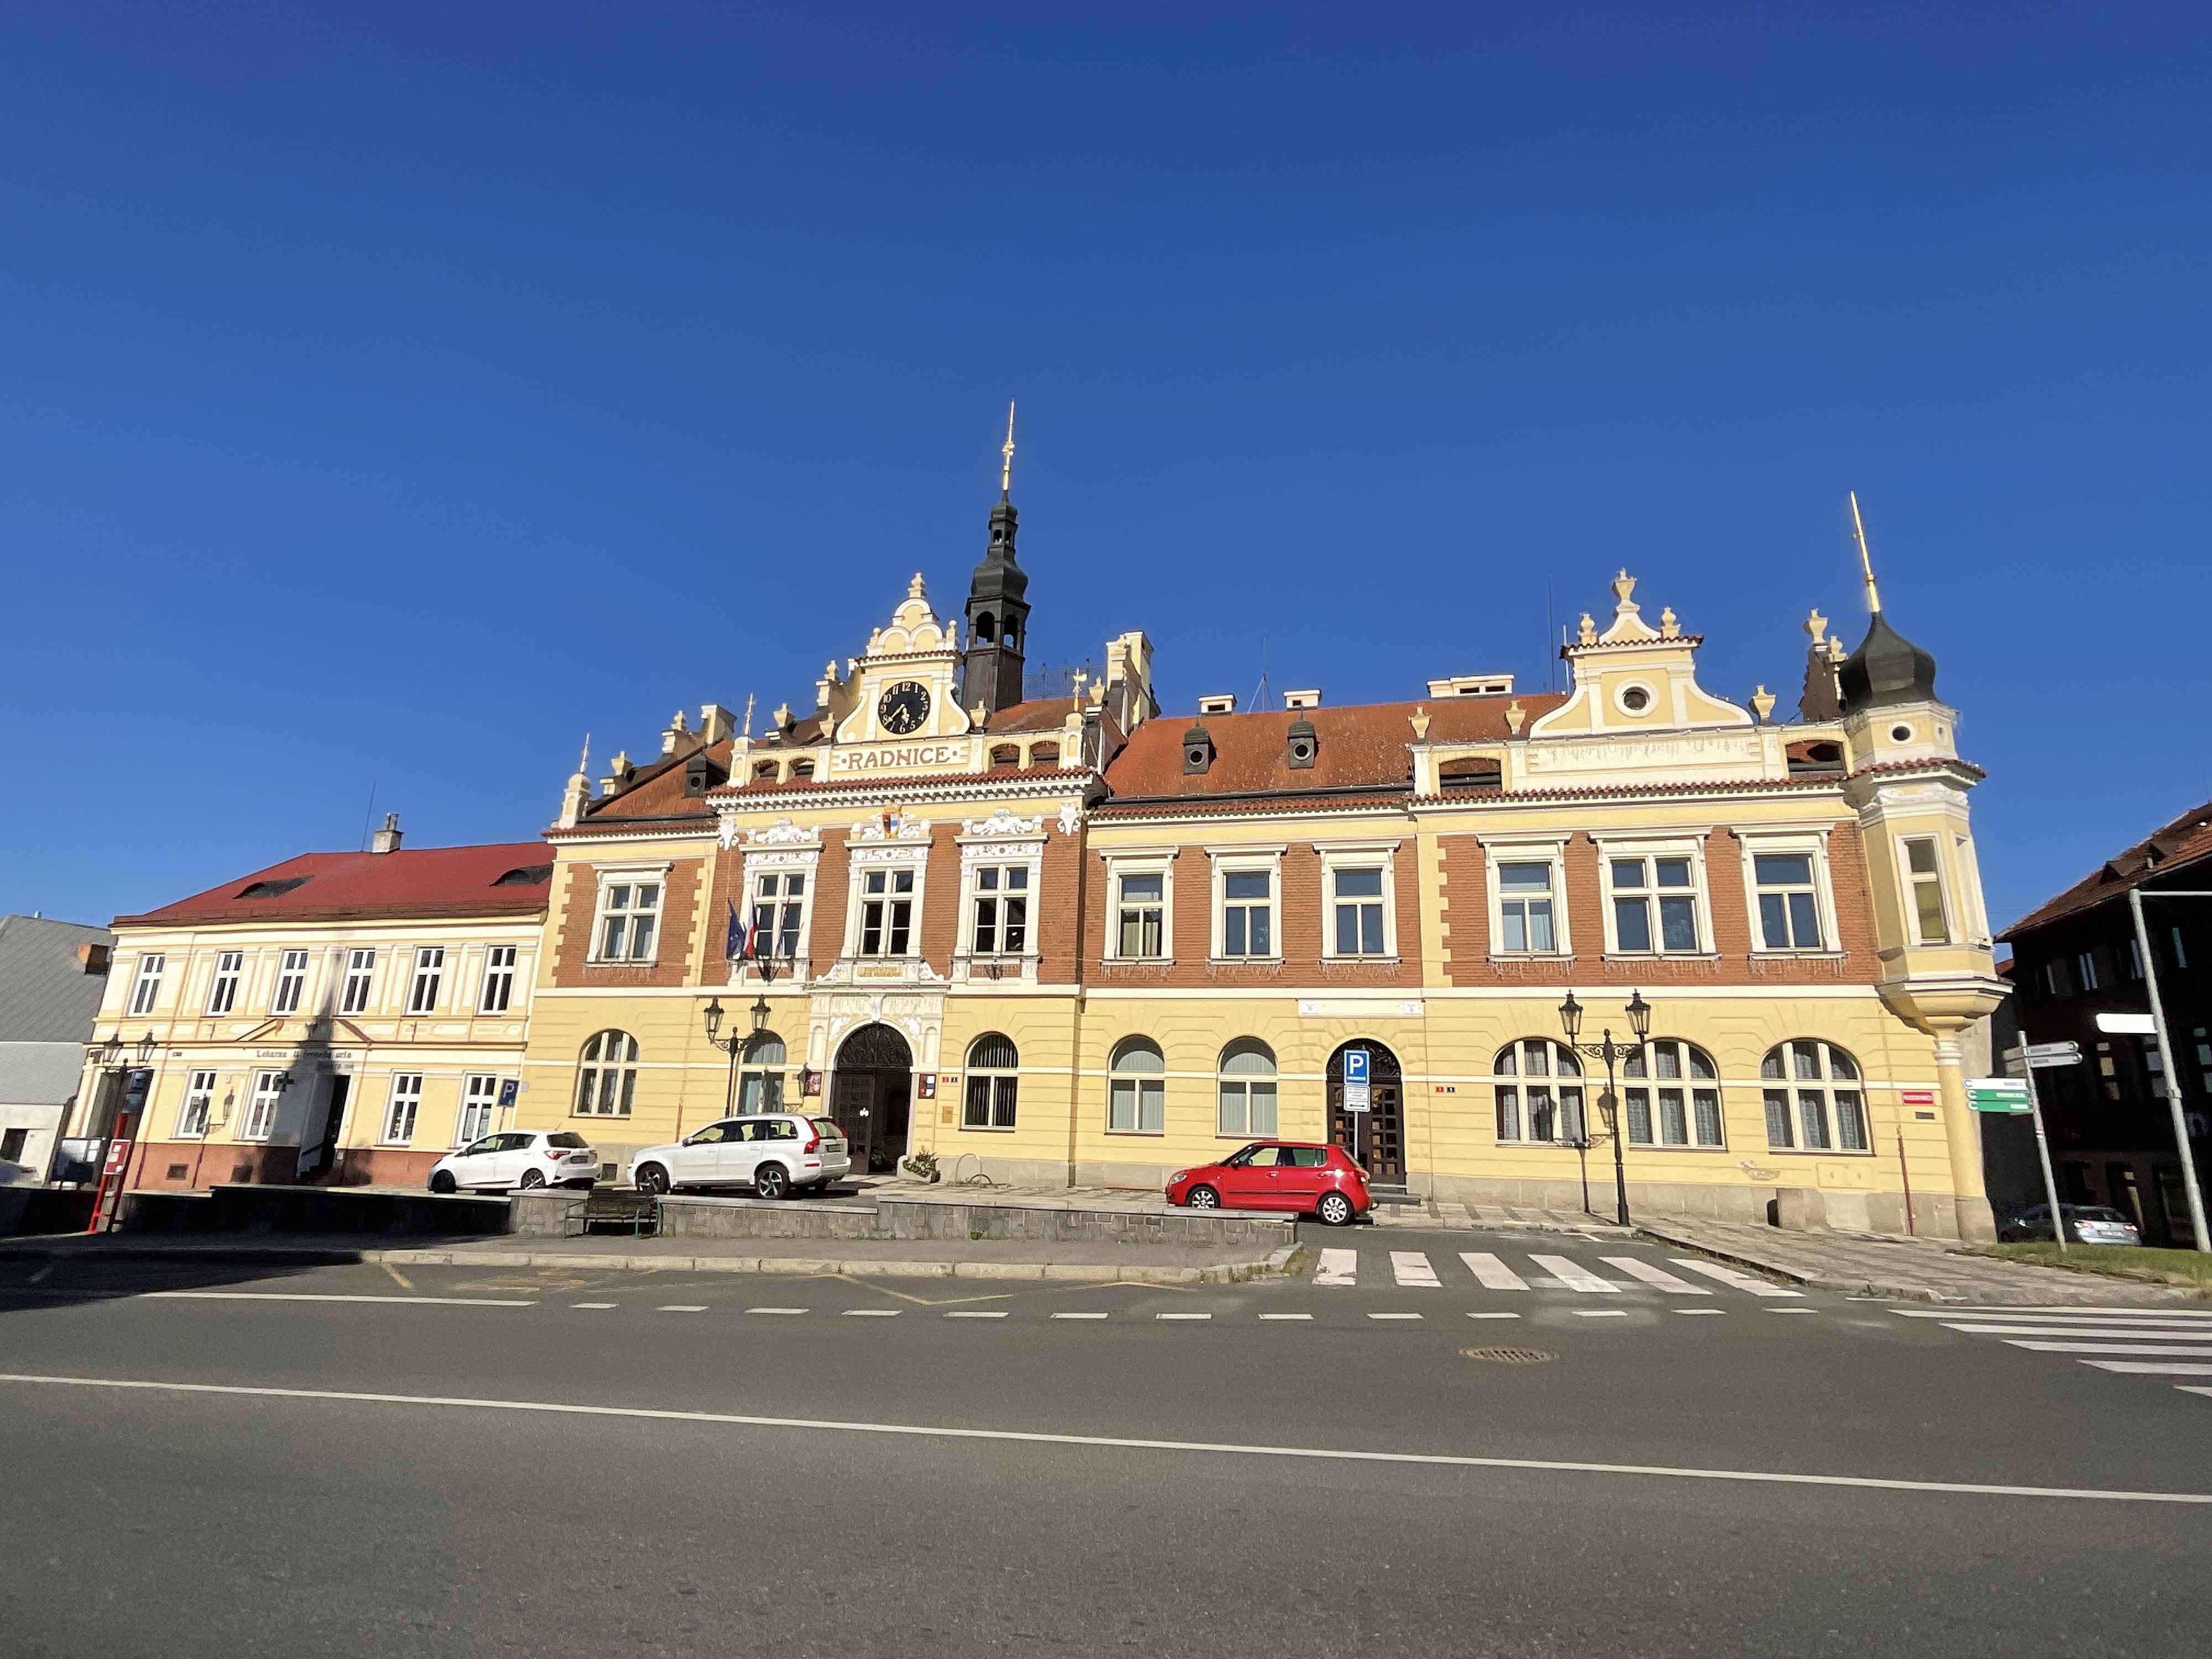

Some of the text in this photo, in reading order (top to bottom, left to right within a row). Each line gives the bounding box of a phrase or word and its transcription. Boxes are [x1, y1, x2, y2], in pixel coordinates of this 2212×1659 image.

[892, 685, 899, 695] 11
[902, 682, 911, 692] 12
[914, 684, 919, 693] 1
[883, 693, 892, 703] 10
[920, 691, 927, 701] 2
[880, 704, 887, 713] 9
[922, 701, 928, 711] 3
[918, 712, 925, 721] 4
[889, 721, 896, 732] 7
[899, 723, 906, 733] 6
[910, 720, 916, 730] 5
[848, 747, 951, 770] RADNICE
[1350, 1055, 1364, 1074] P
[503, 1083, 514, 1098] P
- - - - -
AIM OF THE TASK -
Retype all the data exactly, please, without pictures.

WRITTEN SOLUTION -
Some of the text in this photo, in reading order (top to bottom, left to right within a row). Each line gives the bounding box of a phrase or word and its transcription. Boxes are [x1, y1, x2, y2], in pixel coordinates of this 2212×1659 image.

[892, 685, 899, 695] 11
[902, 682, 911, 692] 12
[914, 684, 919, 693] 1
[883, 693, 892, 703] 10
[920, 691, 927, 701] 2
[880, 704, 887, 713] 9
[922, 701, 928, 711] 3
[918, 712, 925, 721] 4
[889, 721, 896, 732] 7
[899, 723, 906, 733] 6
[910, 720, 916, 730] 5
[848, 747, 951, 770] RADNICE
[1350, 1055, 1364, 1074] P
[503, 1083, 514, 1098] P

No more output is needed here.